В то время как артиллерия разрушила взрывами дорогу бегства кадетов, а рабочие с ружьями наперевес гнали белоказаков от Царицына к этой клочковатой и огненной завесе и какой-то поп в голубой пасхальной ризе крутился по полю, не находя места, и так и сошел с ума, крича: «Отрекаюсь, отрекаюсь», и рабочие с порозовевшими от быстроты худыми, истощенными лицами пробежали мимо него, — тогда же Терентий Ламычев, выполняя приказ о том, чтобы ни в коем случае не отступать, стоял на Тундутовских горах под обстрелом пулеметов и орудий.

Так как орудия свои он отправил в Царицын, то он отвечал только из винтовок, изредка пуская в ход пулеметы. Белые же, думая, что он хитрит, очень сдержанно ходили в атаку. Подождав до полудня, он пошел пешком вдоль своего фронта. Окопы были вырыты наспех, да и рыть-то было почти некому, так что идти приходилось, сильно пригнувшись. Ламычев шел и думал, что скоро должна быть крепкая рукопашная, и его волновало, что во время этой рукопашной случайно он может оказаться не в самом ответственном, а в самом спокойном месте своего фронта. И еще ему было жаль, что он не мог повести ребят в атаку, потому что ряды его частей сильно поредели, а три эскадрона конницы легли почти целиком, и назначенный только вчера командир конницы Василий Гайворон был ранен в грудь. Жаль ему было и свободных коней, которых недавно пригнали из Бекетовки и которых нельзя было использовать, потому что кони были мало объезжены, а оставшиеся стрелки должны были еще сами обучаться, как по-настоящему ездить и ходить за конем. Кони эти стояли в селе, позади Тундутовских гор, в том селе, где находились его штаб и лазареты.

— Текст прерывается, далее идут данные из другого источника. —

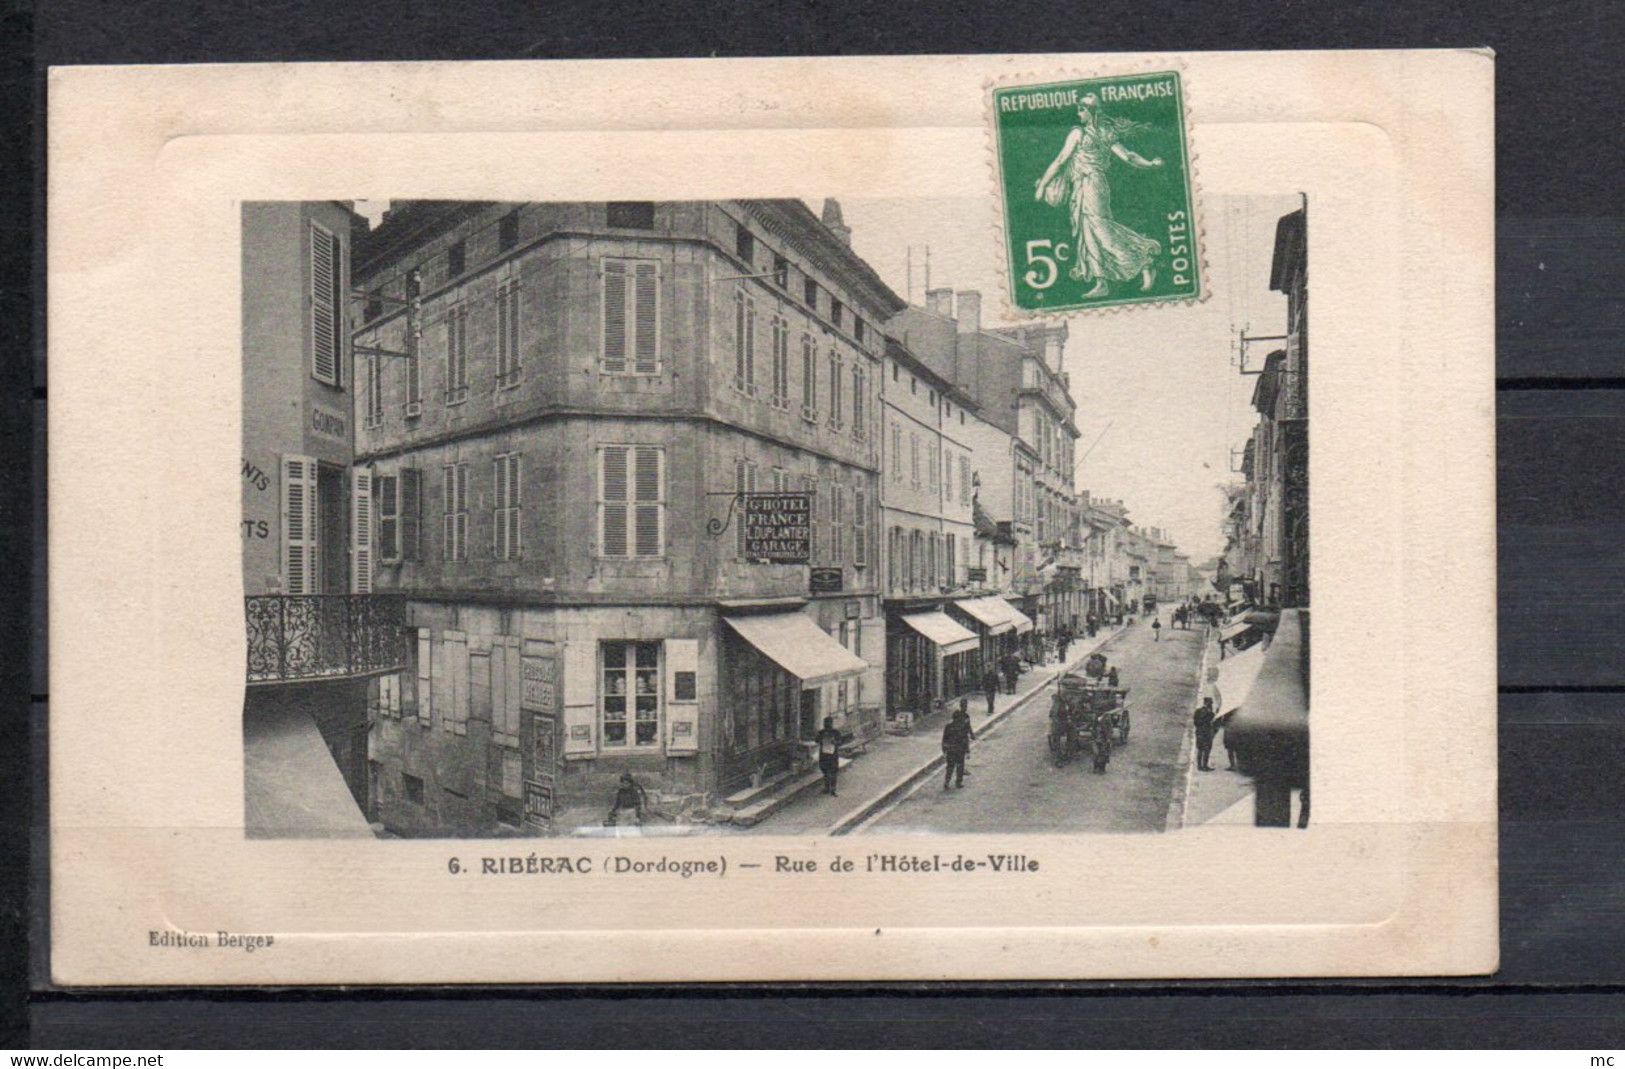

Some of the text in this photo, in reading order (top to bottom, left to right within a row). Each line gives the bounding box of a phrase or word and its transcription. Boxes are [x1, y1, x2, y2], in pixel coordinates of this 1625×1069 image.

Он посмотрел на солнце. Сейчас, наверное, коней подогнали к колодцу, и они наклонили большие и умные головы к длинным корытам… Это хорошо, если кадет не пойдет в атаку еще часа два: к тому времени отгонят коней подальше, а в случае чего не так уж будет горько отдать Тундутовские горы! Он достал часы, посмотрел на них и, щелкая крышкой, сказал:

— Еще подождем часика два, глядишь, подойдет подмога с артиллерией.

И он и стрелки знали, что никакой подмоги не будет, что артиллерия рядом и вместе с другой сотней орудий отбивает врага от линии круговой железной дороги у самого Царицына. Но никто не говорил друг другу, что артиллерия не придет. Нельзя было портить настроение приятелю.

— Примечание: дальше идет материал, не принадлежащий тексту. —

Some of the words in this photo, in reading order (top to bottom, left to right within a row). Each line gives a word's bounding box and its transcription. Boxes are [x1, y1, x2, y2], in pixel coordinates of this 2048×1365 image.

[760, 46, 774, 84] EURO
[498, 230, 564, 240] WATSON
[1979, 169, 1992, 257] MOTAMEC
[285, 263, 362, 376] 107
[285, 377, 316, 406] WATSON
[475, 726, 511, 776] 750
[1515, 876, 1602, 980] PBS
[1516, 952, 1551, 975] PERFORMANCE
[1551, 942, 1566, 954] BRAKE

Кадеты пошли меньше чем через час. Ламычев плюнул и встал во весь рост. Солнце жгло плечи и голову. Он снял фуражку и, оглядев ряды своих стрелков, решил все-таки скомандовать контратаку. Он подозвал командира и не успел выговорить и двух слов, как что-то палящее обшарило его плечо и на мгновение и поле, и окопы, и приближающиеся всадники вздыбились и в то же время покрылись какой-то вишневой сыпью, а затем рыбами нырнули ему под ноги.

Он очнулся в телеге, почему-то необычайно высоко поставленной, как будто выше любого дома. Пахло мятой. Левая половина туловища горела, а правая была какая-то склеенная и тяжелая. Закрывая крышу избы, перед ним появилось сильно изменившееся лицо Лизы. Как только он увидал ее, он понял, что он болен и болен сильно, и тотчас подумал: «Лиза да не вылечит? Так склепает, что будет вровень с краями». Но додумать, с какими краями будет он вровень, он не мог. И все-таки он почувствовал себя очень спокойно, и если бы не слепившийся рот, то было бы совсем хорошо. Он попробовал скосить глаза в сторону, чтобы понять, почему это телега стоит так высоко, и ему стало больно: «А кажись, конец Ламычеву, — подумал он. — Без Ламычева, дьяволы, отдадут кадетам коней». Но ему трудно было даже представить, каковы те кони, о которых он сейчас думает, и, однакоже, он не мог отпустить этого слова. Лицо Лизы розовело, делаясь то ближе, то дальше, словно оно качалось от телеги до крыши избы. Ламычев задвигал бровями. Лиза сразу уловила, о чем он думает, и сказала:

— Кони при нас. Выручил Щаденко, он мимо шел. Сейчас наши в тыл ударили. Коней взяли. На конях пошли.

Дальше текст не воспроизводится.